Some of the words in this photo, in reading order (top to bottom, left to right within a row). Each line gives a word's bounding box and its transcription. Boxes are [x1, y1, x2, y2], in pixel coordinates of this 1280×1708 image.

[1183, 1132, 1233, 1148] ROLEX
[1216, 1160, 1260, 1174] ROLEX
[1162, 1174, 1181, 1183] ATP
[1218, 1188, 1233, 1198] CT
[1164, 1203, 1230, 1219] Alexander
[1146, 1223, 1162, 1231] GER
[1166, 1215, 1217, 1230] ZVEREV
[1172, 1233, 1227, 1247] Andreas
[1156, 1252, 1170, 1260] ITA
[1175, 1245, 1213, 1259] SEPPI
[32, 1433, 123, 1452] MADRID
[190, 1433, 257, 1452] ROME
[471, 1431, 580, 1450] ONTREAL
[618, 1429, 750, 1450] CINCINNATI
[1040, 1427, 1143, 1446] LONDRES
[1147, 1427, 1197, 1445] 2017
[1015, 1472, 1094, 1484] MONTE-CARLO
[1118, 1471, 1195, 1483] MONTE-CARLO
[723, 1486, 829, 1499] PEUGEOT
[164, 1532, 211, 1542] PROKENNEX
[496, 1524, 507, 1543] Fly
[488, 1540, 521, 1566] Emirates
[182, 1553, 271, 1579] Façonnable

> [Activity] All entries above are to be transcribed verbatim.

> [Written response]
Some of the words in this photo, in reading order (top to bottom, left to right within a row). Each line gives a word's bounding box and its transcription. Boxes are [x1, y1, x2, y2], in pixel coordinates of this 1280×1708 image.

[1183, 1132, 1233, 1148] ROLEX
[1216, 1160, 1260, 1174] ROLEX
[1162, 1174, 1181, 1183] ATP
[1218, 1188, 1233, 1198] CT
[1164, 1203, 1230, 1219] Alexander
[1146, 1223, 1162, 1231] GER
[1166, 1215, 1217, 1230] ZVEREV
[1172, 1233, 1227, 1247] Andreas
[1156, 1252, 1170, 1260] ITA
[1175, 1245, 1213, 1259] SEPPI
[32, 1433, 123, 1452] MADRID
[190, 1433, 257, 1452] ROME
[471, 1431, 580, 1450] ONTREAL
[618, 1429, 750, 1450] CINCINNATI
[1040, 1427, 1143, 1446] LONDRES
[1147, 1427, 1197, 1445] 2017
[1015, 1472, 1094, 1484] MONTE-CARLO
[1118, 1471, 1195, 1483] MONTE-CARLO
[723, 1486, 829, 1499] PEUGEOT
[164, 1532, 211, 1542] PROKENNEX
[496, 1524, 507, 1543] Fly
[488, 1540, 521, 1566] Emirates
[182, 1553, 271, 1579] Façonnable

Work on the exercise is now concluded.